* [How to complete this task]: Nothing in the records should differ when you write them out again.

* [Given data]:
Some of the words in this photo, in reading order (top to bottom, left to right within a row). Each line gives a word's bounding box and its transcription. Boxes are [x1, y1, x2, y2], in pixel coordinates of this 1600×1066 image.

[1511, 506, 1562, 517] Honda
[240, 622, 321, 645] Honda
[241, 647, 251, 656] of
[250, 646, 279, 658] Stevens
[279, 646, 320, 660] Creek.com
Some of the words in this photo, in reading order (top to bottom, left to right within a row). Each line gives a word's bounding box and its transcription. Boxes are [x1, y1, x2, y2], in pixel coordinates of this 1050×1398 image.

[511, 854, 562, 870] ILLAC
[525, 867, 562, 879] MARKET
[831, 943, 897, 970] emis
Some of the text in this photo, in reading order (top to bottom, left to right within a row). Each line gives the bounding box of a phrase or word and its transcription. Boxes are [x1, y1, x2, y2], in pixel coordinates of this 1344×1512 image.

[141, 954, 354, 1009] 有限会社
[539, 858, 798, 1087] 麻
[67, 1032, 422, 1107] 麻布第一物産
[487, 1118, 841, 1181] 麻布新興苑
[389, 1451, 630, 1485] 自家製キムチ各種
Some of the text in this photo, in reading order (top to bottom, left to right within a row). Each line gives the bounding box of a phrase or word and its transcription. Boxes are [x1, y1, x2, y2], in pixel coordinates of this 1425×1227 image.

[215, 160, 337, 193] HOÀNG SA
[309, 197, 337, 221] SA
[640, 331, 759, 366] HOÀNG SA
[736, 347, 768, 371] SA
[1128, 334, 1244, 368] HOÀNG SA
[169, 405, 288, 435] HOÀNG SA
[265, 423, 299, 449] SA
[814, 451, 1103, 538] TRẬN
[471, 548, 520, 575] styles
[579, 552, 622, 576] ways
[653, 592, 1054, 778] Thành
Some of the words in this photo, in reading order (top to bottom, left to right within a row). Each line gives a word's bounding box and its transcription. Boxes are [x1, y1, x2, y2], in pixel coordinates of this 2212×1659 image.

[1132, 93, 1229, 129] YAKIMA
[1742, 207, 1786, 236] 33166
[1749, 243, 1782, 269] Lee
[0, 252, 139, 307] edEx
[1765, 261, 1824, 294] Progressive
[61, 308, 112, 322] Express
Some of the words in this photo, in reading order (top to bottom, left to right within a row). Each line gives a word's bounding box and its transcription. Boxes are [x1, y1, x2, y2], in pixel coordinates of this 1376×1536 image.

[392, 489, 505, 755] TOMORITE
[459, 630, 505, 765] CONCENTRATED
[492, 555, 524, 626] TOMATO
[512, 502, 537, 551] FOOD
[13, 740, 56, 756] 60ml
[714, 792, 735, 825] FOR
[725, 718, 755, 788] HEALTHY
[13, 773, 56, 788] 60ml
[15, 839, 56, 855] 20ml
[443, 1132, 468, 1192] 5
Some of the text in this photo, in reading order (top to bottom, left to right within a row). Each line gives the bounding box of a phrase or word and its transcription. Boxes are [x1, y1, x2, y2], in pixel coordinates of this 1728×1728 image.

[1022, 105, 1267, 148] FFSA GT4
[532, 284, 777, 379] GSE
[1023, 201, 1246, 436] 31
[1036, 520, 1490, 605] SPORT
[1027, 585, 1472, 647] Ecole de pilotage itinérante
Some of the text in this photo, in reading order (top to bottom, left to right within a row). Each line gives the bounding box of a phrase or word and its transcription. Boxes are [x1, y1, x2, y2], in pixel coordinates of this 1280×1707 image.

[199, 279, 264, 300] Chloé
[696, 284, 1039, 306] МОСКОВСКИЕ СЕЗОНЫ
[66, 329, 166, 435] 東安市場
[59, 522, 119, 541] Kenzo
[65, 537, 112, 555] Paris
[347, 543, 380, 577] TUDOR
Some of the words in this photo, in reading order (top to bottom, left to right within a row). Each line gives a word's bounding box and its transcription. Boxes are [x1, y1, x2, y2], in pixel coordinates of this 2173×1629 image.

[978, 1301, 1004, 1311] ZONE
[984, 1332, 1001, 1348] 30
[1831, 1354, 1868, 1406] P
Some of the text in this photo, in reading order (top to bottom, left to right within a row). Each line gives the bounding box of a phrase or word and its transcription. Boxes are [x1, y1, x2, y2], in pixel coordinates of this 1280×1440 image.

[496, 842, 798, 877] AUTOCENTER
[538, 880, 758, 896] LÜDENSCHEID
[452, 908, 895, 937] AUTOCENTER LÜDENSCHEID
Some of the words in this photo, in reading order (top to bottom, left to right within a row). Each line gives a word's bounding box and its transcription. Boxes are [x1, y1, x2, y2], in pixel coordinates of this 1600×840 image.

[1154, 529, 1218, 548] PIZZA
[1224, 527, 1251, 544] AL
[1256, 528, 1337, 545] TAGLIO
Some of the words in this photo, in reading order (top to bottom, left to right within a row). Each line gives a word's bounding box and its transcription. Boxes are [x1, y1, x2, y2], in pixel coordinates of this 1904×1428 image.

* [Exercise result]:
Some of the words in this photo, in reading order (top to bottom, left to right within a row). Each line gives a word's bounding box and its transcription. Boxes are [x1, y1, x2, y2], in pixel coordinates of this 1600×1066 image.

[1511, 506, 1562, 517] Honda
[240, 622, 321, 645] Honda
[241, 647, 251, 656] of
[250, 646, 279, 658] Stevens
[279, 646, 320, 660] Creek.com
Some of the words in this photo, in reading order (top to bottom, left to right within a row). Each line gives a word's bounding box and its transcription. Boxes are [x1, y1, x2, y2], in pixel coordinates of this 1050×1398 image.

[511, 854, 562, 870] ILLAC
[525, 867, 562, 879] MARKET
[831, 943, 897, 970] emis
Some of the text in this photo, in reading order (top to bottom, left to right within a row). Each line gives the bounding box of a phrase or word and its transcription. Boxes are [x1, y1, x2, y2], in pixel coordinates of this 1344×1512 image.

[141, 954, 354, 1009] 有限会社
[539, 858, 798, 1087] 麻
[67, 1032, 422, 1107] 麻布第一物産
[487, 1118, 841, 1181] 麻布新興苑
[389, 1451, 630, 1485] 自家製キムチ各種
Some of the text in this photo, in reading order (top to bottom, left to right within a row). Each line gives the bounding box of a phrase or word and its transcription. Boxes are [x1, y1, x2, y2], in pixel coordinates of this 1425×1227 image.

[215, 160, 337, 193] HOÀNG SA
[309, 197, 337, 221] SA
[640, 331, 759, 366] HOÀNG SA
[736, 347, 768, 371] SA
[1128, 334, 1244, 368] HOÀNG SA
[169, 405, 288, 435] HOÀNG SA
[265, 423, 299, 449] SA
[814, 451, 1103, 538] TRẬN
[471, 548, 520, 575] styles
[579, 552, 622, 576] ways
[653, 592, 1054, 778] Thành
Some of the words in this photo, in reading order (top to bottom, left to right within a row). Each line gives a word's bounding box and its transcription. Boxes are [x1, y1, x2, y2], in pixel coordinates of this 2212×1659 image.

[1132, 93, 1229, 129] YAKIMA
[1742, 207, 1786, 236] 33166
[1749, 243, 1782, 269] Lee
[0, 252, 139, 307] edEx
[1765, 261, 1824, 294] Progressive
[61, 308, 112, 322] Express
Some of the words in this photo, in reading order (top to bottom, left to right within a row). Each line gives a word's bounding box and its transcription. Boxes are [x1, y1, x2, y2], in pixel coordinates of this 1376×1536 image.

[392, 489, 505, 755] TOMORITE
[459, 630, 505, 765] CONCENTRATED
[492, 555, 524, 626] TOMATO
[512, 502, 537, 551] FOOD
[13, 740, 56, 756] 60ml
[714, 792, 735, 825] FOR
[725, 718, 755, 788] HEALTHY
[13, 773, 56, 788] 60ml
[15, 839, 56, 855] 20ml
[443, 1132, 468, 1192] 5
Some of the text in this photo, in reading order (top to bottom, left to right within a row). Each line gives the bounding box of a phrase or word and its transcription. Boxes are [x1, y1, x2, y2], in pixel coordinates of this 1728×1728 image.

[1022, 105, 1267, 148] FFSA GT4
[532, 284, 777, 379] GSE
[1023, 201, 1246, 436] 31
[1036, 520, 1490, 605] SPORT
[1027, 585, 1472, 647] Ecole de pilotage itinérante
Some of the text in this photo, in reading order (top to bottom, left to right within a row). Each line gives the bounding box of a phrase or word and its transcription. Boxes are [x1, y1, x2, y2], in pixel coordinates of this 1280×1707 image.

[199, 279, 264, 300] Chloé
[696, 284, 1039, 306] МОСКОВСКИЕ СЕЗОНЫ
[66, 329, 166, 435] 東安市場
[59, 522, 119, 541] Kenzo
[65, 537, 112, 555] Paris
[347, 543, 380, 577] TUDOR
Some of the words in this photo, in reading order (top to bottom, left to right within a row). Each line gives a word's bounding box and its transcription. Boxes are [x1, y1, x2, y2], in pixel coordinates of this 2173×1629 image.

[978, 1301, 1004, 1311] ZONE
[984, 1332, 1001, 1348] 30
[1831, 1354, 1868, 1406] P
Some of the text in this photo, in reading order (top to bottom, left to right within a row). Each line gives the bounding box of a phrase or word and its transcription. Boxes are [x1, y1, x2, y2], in pixel coordinates of this 1280×1440 image.

[496, 842, 798, 877] AUTOCENTER
[538, 880, 758, 896] LÜDENSCHEID
[452, 908, 895, 937] AUTOCENTER LÜDENSCHEID
Some of the words in this photo, in reading order (top to bottom, left to right within a row). Each line gives a word's bounding box and its transcription. Boxes are [x1, y1, x2, y2], in pixel coordinates of this 1600×840 image.

[1154, 529, 1218, 548] PIZZA
[1224, 527, 1251, 544] AL
[1256, 528, 1337, 545] TAGLIO
Some of the words in this photo, in reading order (top to bottom, left to right within a row). Each line gives a word's bounding box and its transcription. Boxes are [x1, y1, x2, y2], in pixel coordinates of this 1904×1428 image.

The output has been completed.